My ex doesn’t like the BNP one bit. She told me they were Nazis and I thought that must be an exaggeration since they seemed to have a following. Here in the US David Duke is a walking punchline, and so I found it strange that those of his ilk could have political capital in the UK. A casual search for information on them lead me to believe that their reputation was the result of the leftists who run things over there labeling a (somewhat nutty) libertarian group as Nazis. This was back in 2004. I know better now.

My ex detests this group, but some people in her family are supporters. Her relatives are not Nazi’s either, just normal people that agree with the PUBLIC platform of the BNP, and who distrust the Tories and Labour immensely. She’s from Stoke-on-Trent, an extremely blue collar area of the UK which not long ago was completely dominated by the Labour party. Voting for and supporting Labour was almost religious catechism. Today that is no longer the case.

While I was aware that they were fascists and racists, my perception of them was that they were a mild example of them. But if they’re more out-there than the other fascist groups in Europe, then they are indeed extremists.

That is not the face that they are presenting to the people who are now supporting them however. They are doing everything they can to distance themselves from the perception that they are Fascists and racists, at least when certain people are listening. In private they probably goose-step with the best of them.

The main thing that my ex’s relatives like about the BNP seems to be their anti-PC stance. In the UK, social decay has reached the point that the old adage that everyone is equal but that some are more equal than others isn’t an exaggeration. Just imagine a nation in which Gramscianism pervades the culture and the policies of the state and that is pretty much how things are in the UK, or at least how many people perceive things to be.
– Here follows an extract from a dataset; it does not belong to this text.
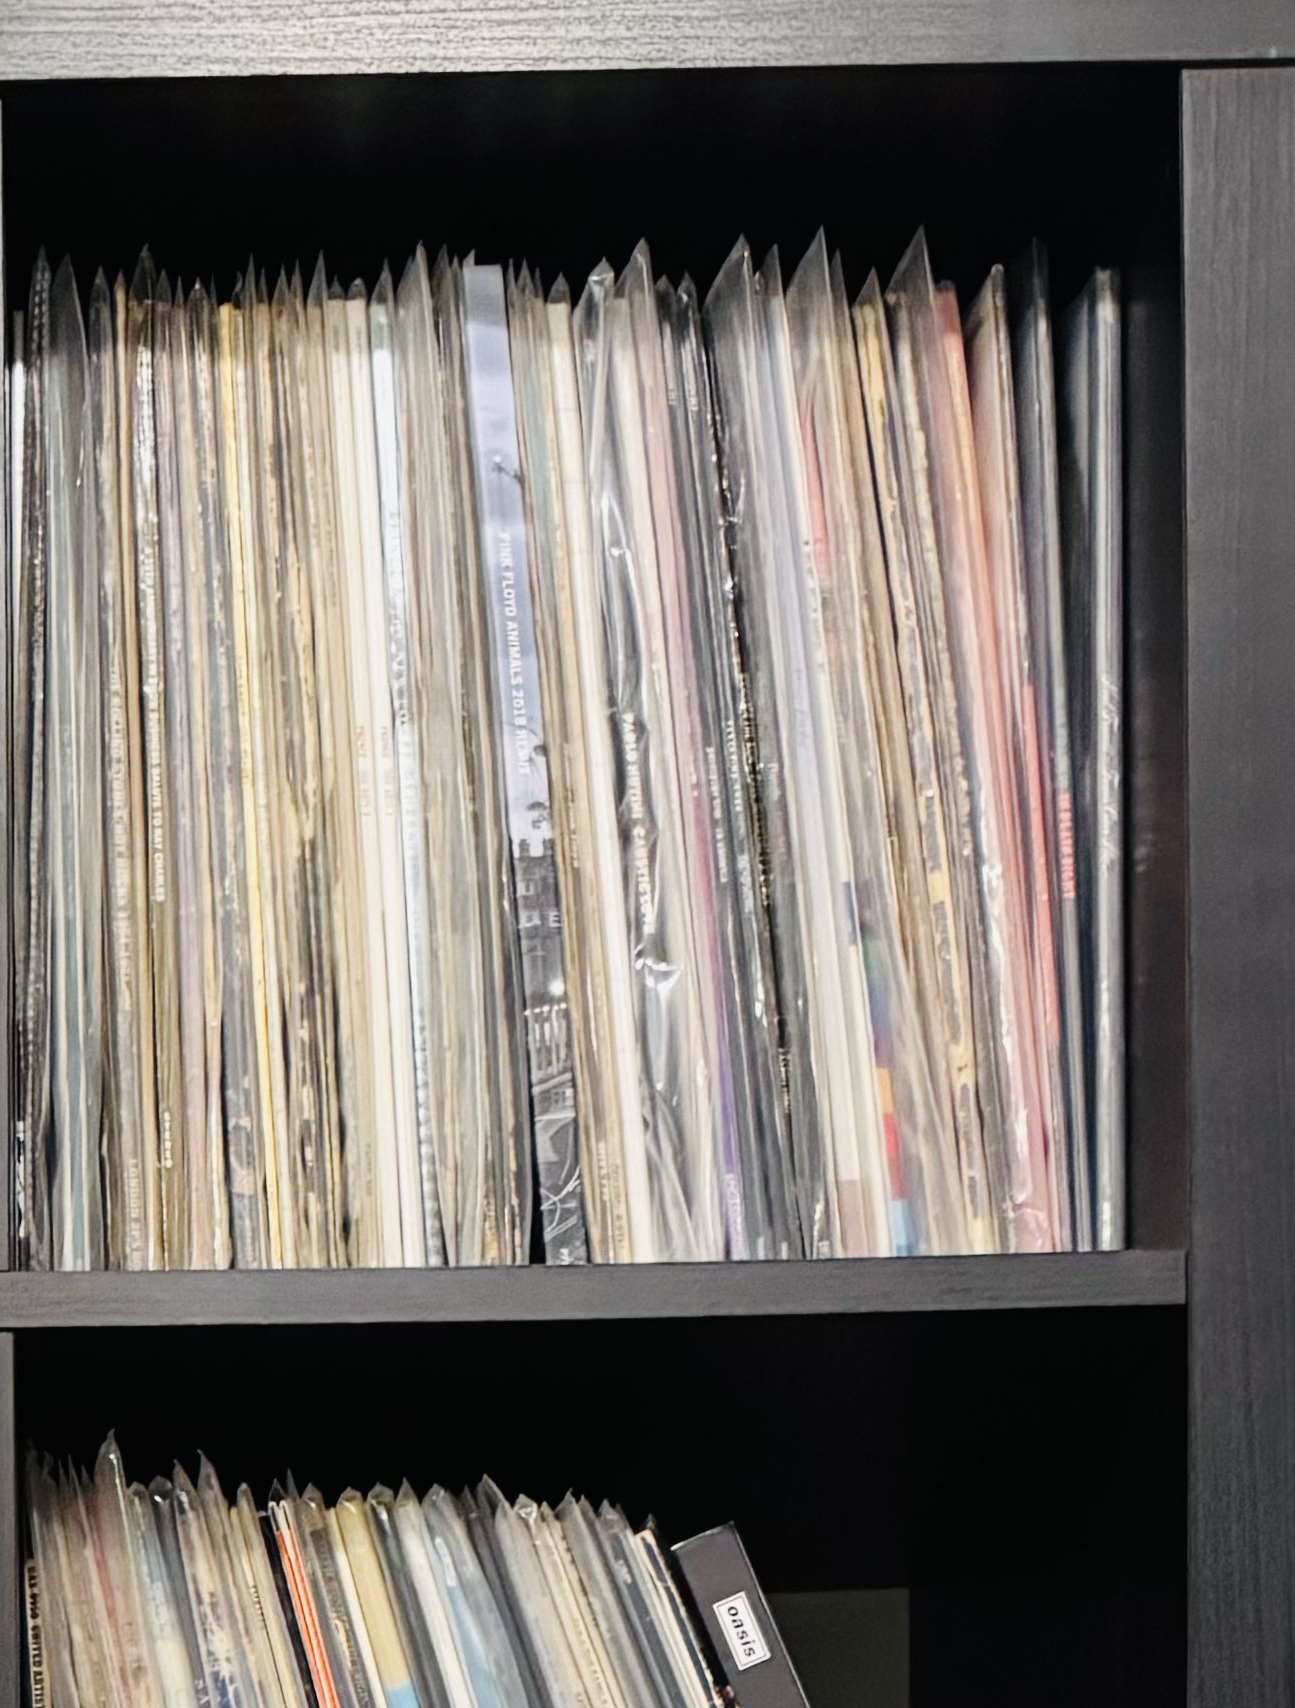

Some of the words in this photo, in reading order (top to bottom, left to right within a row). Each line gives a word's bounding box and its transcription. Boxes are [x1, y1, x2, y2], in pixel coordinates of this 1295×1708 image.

I for one am glad that I don’t live there. Used to be a great country, but it has destroyed itself from within, eaten away by the cancer of leftist ideologies, of which fascism is but one.

But even so, my original point still stands that people are voting for them not because they approve of fascism or racism, but because the party is addressing political realities that the mainstream parties are not. As soon as the Tories adopt the popular ideas of the BNP (which may be only tangentially related to the real goals or nature of the party), then the BNP will once again fade away into relative obscurity.